Confucius and Feminism, Jennifer Lawrence and Pay-equality

I had a great talk with my friend about Athena Talks, an aspiring movement of men inclusion and gender equality for all with events in San Francisco, Hanoi, and Ho Chi Minh City, and Feminism the other night. It was one of our many meaningful conversations, one that helped me learn so much more about myself, women, and men.

1. Confucius and a philosophy that says how women should treat each other

My friend observed that “even among the most educated vietnamese women in every school in the US, there always has to be at least a pair of women hating each other.” They hate each other because one might be more accomplished than the other, or one gets higher score in the class, or gets a better job/salary than the other. In addition, in the work place and college environment, women tend to have more tendencies (than men) to label each other as bossy, bitchy, nosy, or attention seeker.

My friend proposes that this happens because “perhaps there has never been a philosophy that says how women should treat each other. Confucius only mentions how men should treat men, and how women should treat men, but never how women should treat woman. Woman-woman relationship is pretty absent in Christianity or other cultures as well.” In today’s time, it’s great that there are a lot more feminist movements, but it’s also tough for them because women have already had to go through thousands of years of prejudice.
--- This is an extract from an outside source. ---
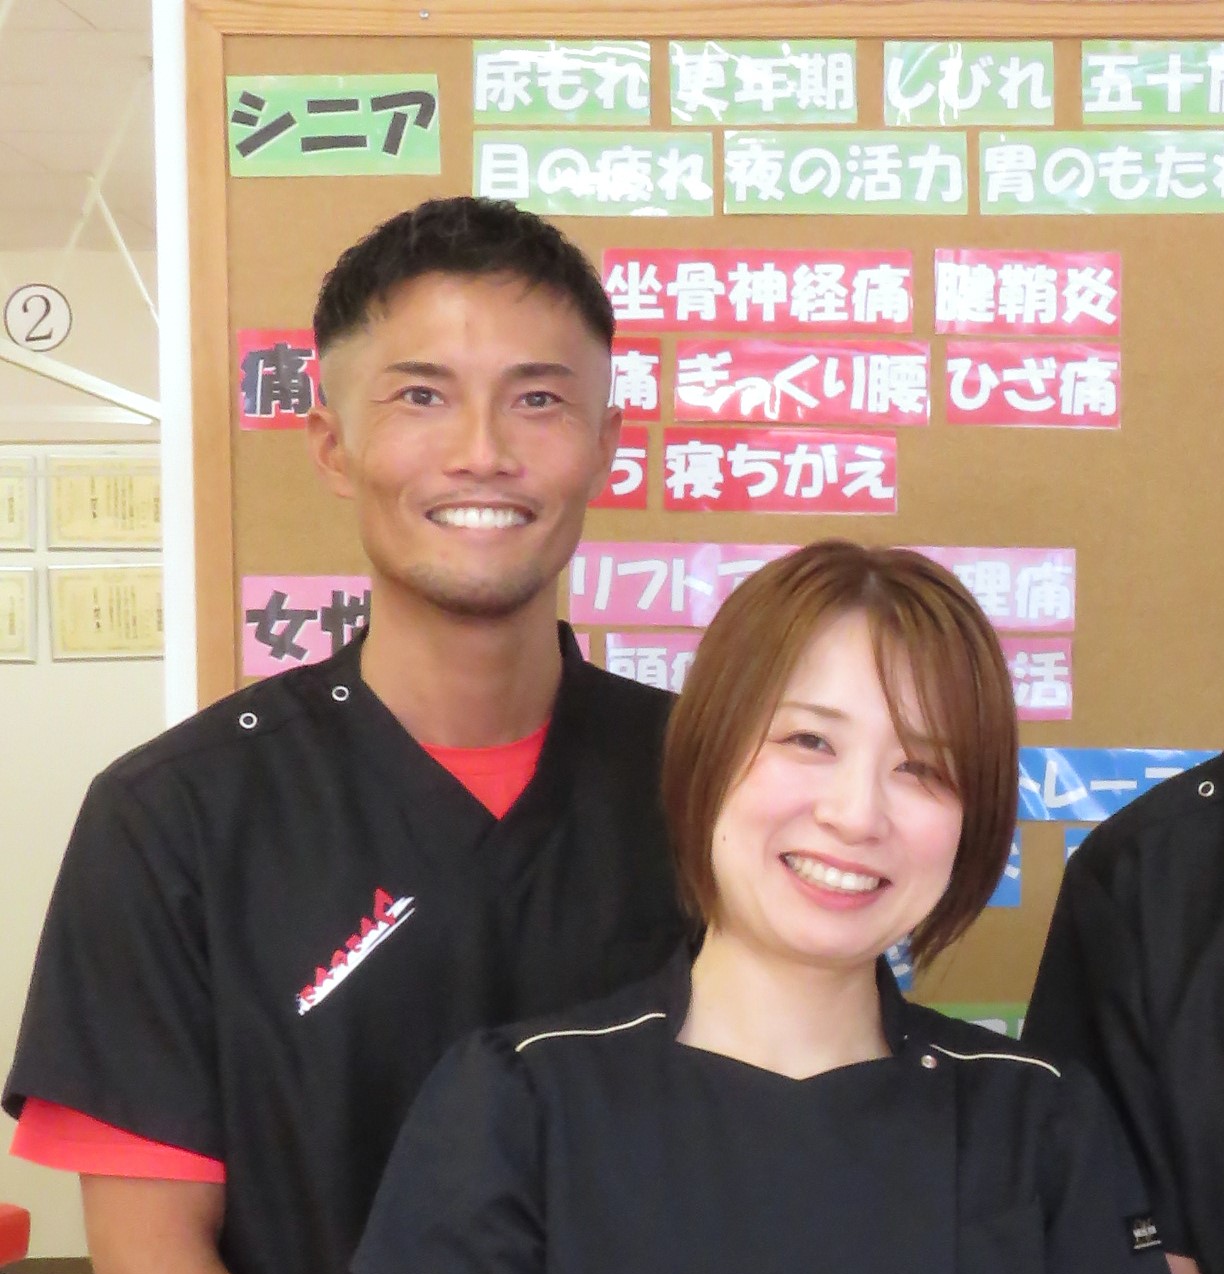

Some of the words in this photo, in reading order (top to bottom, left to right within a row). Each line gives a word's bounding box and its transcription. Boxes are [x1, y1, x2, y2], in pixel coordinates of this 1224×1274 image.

My thoughts: This is an extremely good point, something that people should not forget about. There is always a start and history to everything, how you define yourself as a feminist should also have a origin. Doctors can only treat the disease if s/he understands its source in the body.

2. Jennifer Lawrence and Her Few Thousand Dollars

My friend said: “I always find it hard to read Jennifer Lawrence (JLaw)’s quotes or the quotes of other female celebrities about equal pay. They have concrete point and may suffer from pay inequality, but no one should care too much about whether JLaw receives a few thousand dollars below her male co-stars. Because right now has an extremely wealthy life, perhaps we should think about how to help the part-time female workers/single moms into full-time jobs first, and then worry about JLaw later.”

We then agreed that the goal in equality pay is advanced at the expense of having more people moving into well-paid jobs. In other words, if I become wealthy like JLaw someday, I eventually will have less attention and privilege to demand for equal or higher pay for myself.

Unfortunately, the majority of women’s competitive advantage is that they compete partly by offering to work for less pay while men’s advantage is that many already have higher-education and dominated high-paid jobs. According to my friend, which I also agree, the problem is that, because we live in a less than the ideal world, if everyone is simply forced to be paid the same (only with the reasoning of that the two genders should have the same payment), men would actually dominate high-paid jobs forever.

So in the end, the goal of pay-equality should be less about the gender itself, but more about making sure that more women receive better education in well-paid or all majors. In other words, the change in pay needs to happen through skills and education, not through single-minded advocacy and enforcement.